Went to see this at the weekend at the ICA (who I've decided win the prize for snottiest staff ever.)
It was a truly shocking cinematic experience. Not so much because of the - many, gory - atrocities the ex marines talked about in the kind of truth amnesty that was organised. The most shocking thing was the men themselves - strikingly beautiful in their youth and openness - and their own shock. Each of them had this mixture of lucidity and terrible blockage, both in their memory and in the understanding of what they'd experienced.
Also interesting were the different agendas of the attendees. Some clearly wanted a forum for open confession. Others were frustrated that that wasn't purposive or constructive enough. Others again wanted to put the whole thing within a framework of racism.

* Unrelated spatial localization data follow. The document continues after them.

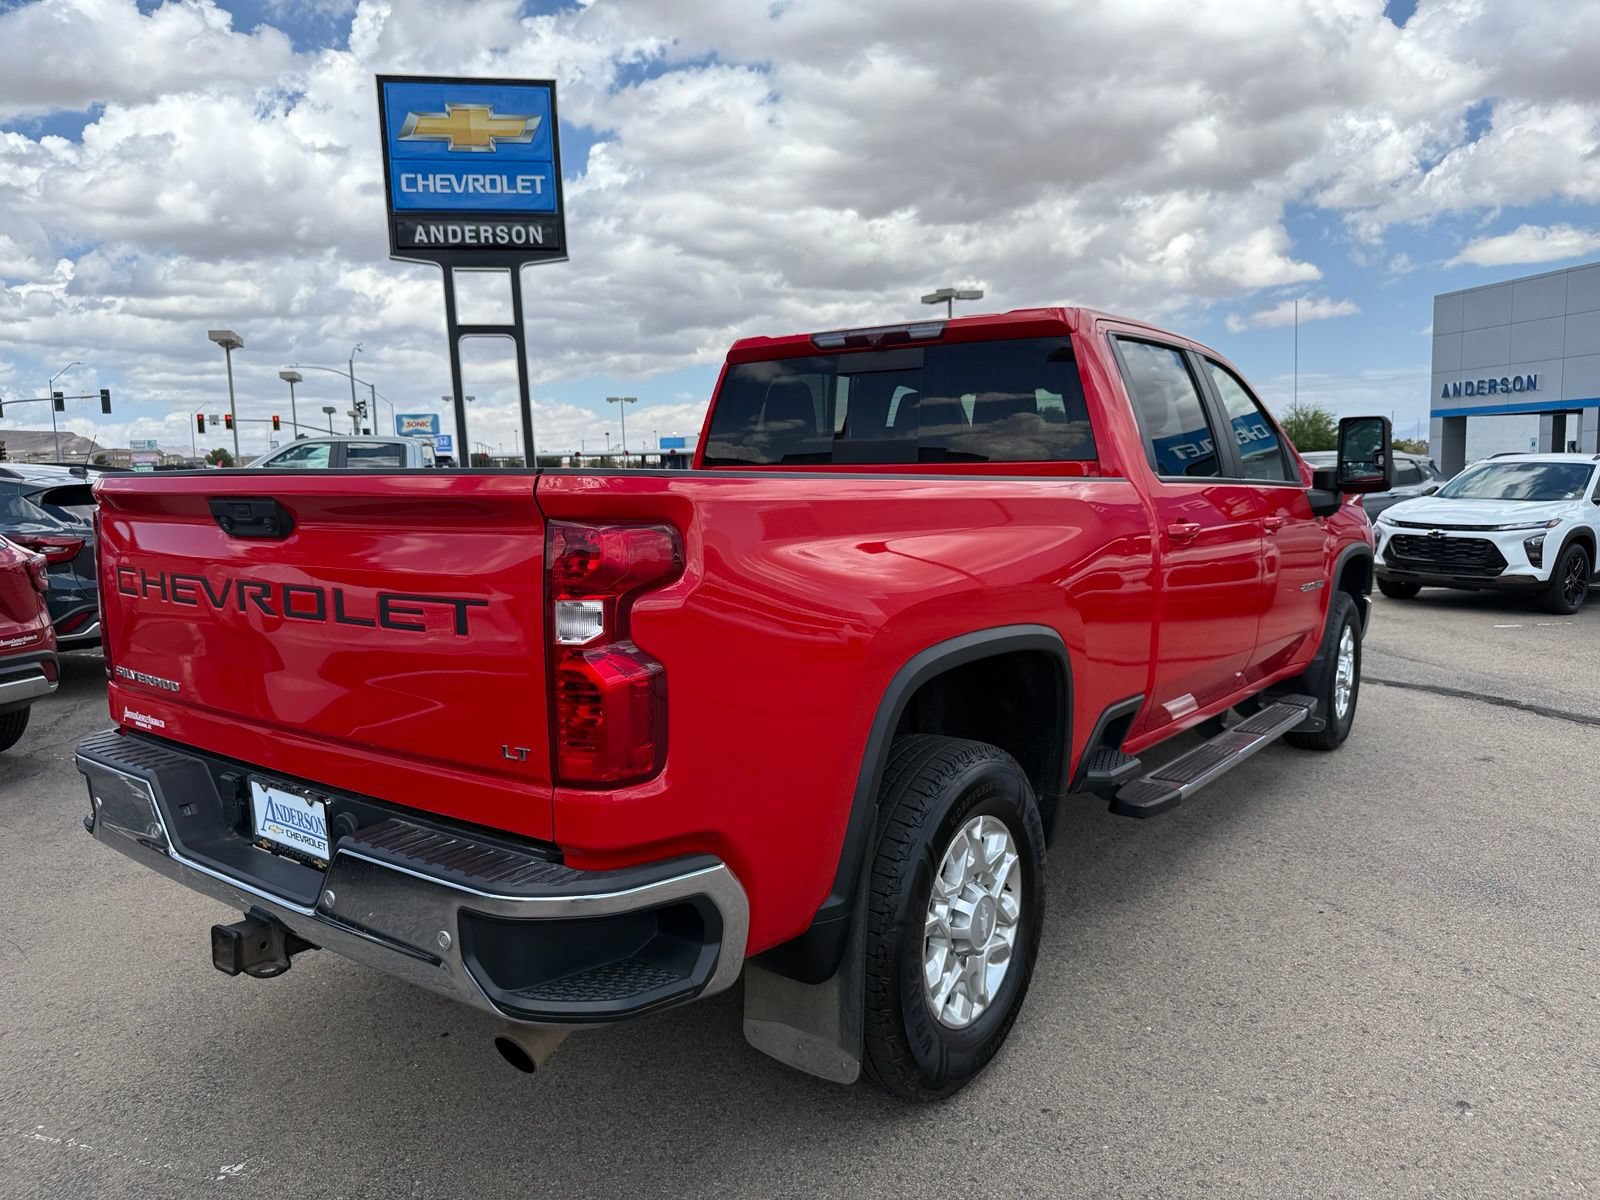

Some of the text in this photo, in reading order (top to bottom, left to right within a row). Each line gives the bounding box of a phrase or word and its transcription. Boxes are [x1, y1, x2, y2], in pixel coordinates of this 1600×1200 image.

[401, 173, 546, 194] CHEVROLET
[414, 225, 543, 244] ANDERSON
[1441, 374, 1538, 399] ANDERSON
[405, 420, 430, 428] SONIC
[116, 566, 489, 637] CHEVROLET
[116, 665, 180, 692] SILVERADO
[502, 744, 531, 762] LT
[286, 829, 327, 851] CHEVROLET
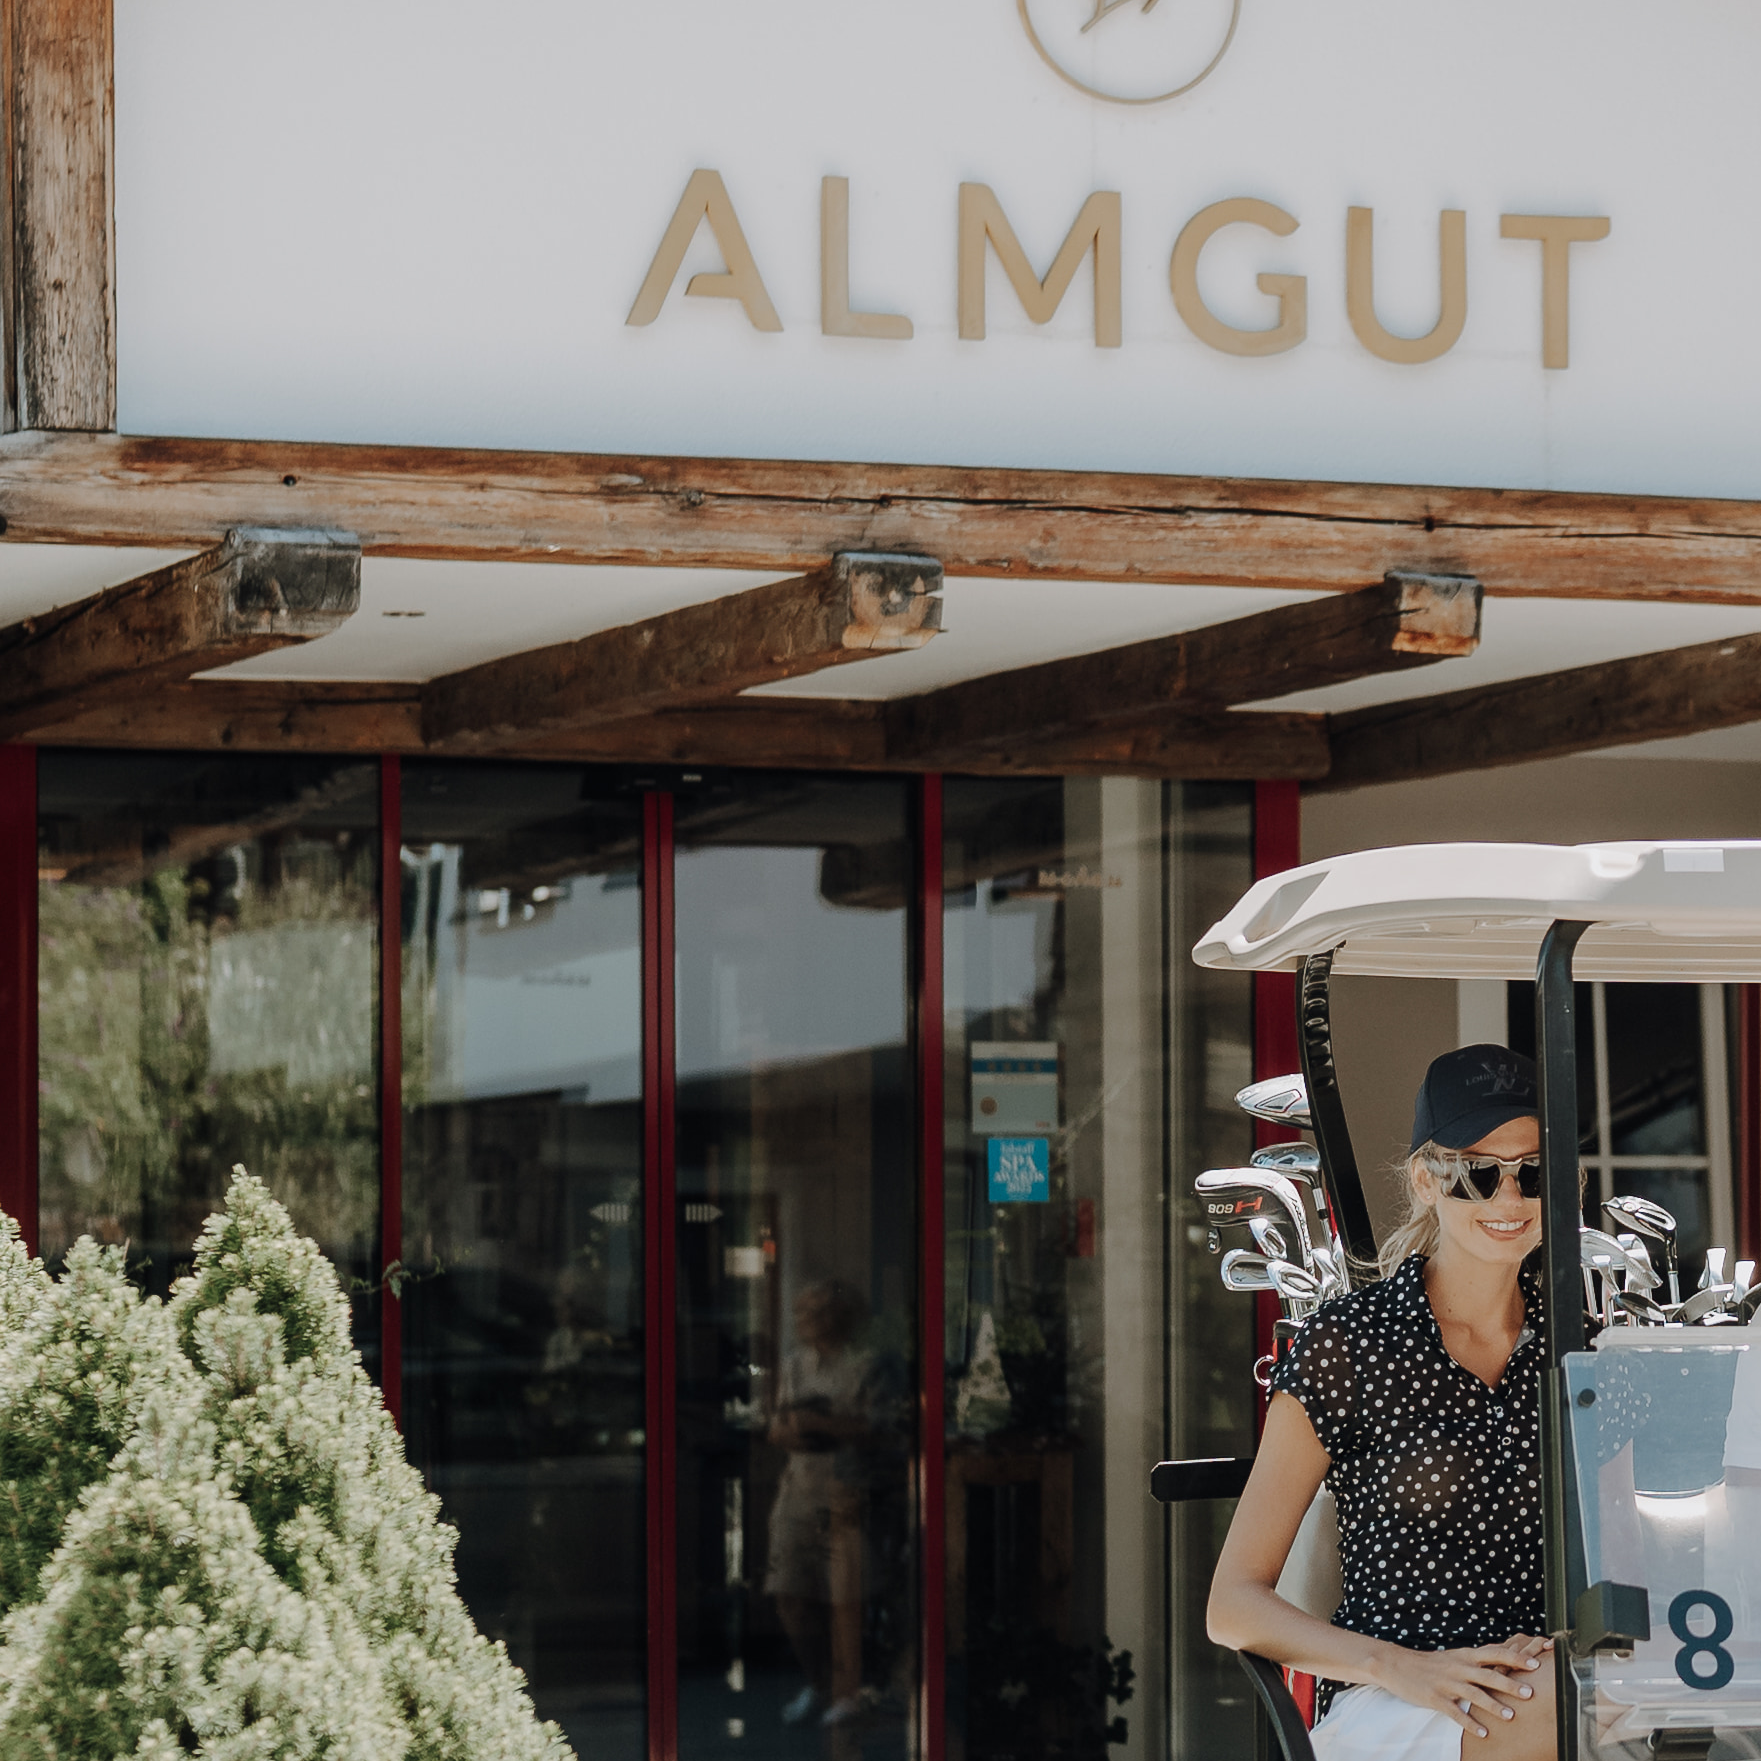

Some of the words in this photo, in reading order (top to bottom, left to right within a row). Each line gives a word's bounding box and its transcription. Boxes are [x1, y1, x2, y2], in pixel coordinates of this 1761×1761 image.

I'm reading an autobiography from the 50s at the moment, and the other thing that struck me here for the first time, properly, was the effect of changing attitudes towards the sexes in the 60s and 70s. Of course we all know what happened, officially, but things we (some of us) take forgranted now, like it being alright for men to cry. It must have been strange and terrible and liberating and confusing for all kinds of natural behaviour to be condoned, comparatively suddenly.
I understand the veterans came under attack from certain predictable quarters for their appearance (without fail magnificently hirsute), and for the way some of them chose to express themselves. But one section in particular, which on the whole isn't representative of the otherwise very restrained, clear testimonies, made me think we've become way too dictatorial again about how we express ourselves, on the whole. In the hallway, away from the official podium, a discussion about racism had the kind of slightly mad stream of consciousness from which really interesting things come.
I can't explain it better than that, but you should see it if you can (although I think the run at the ICA is over).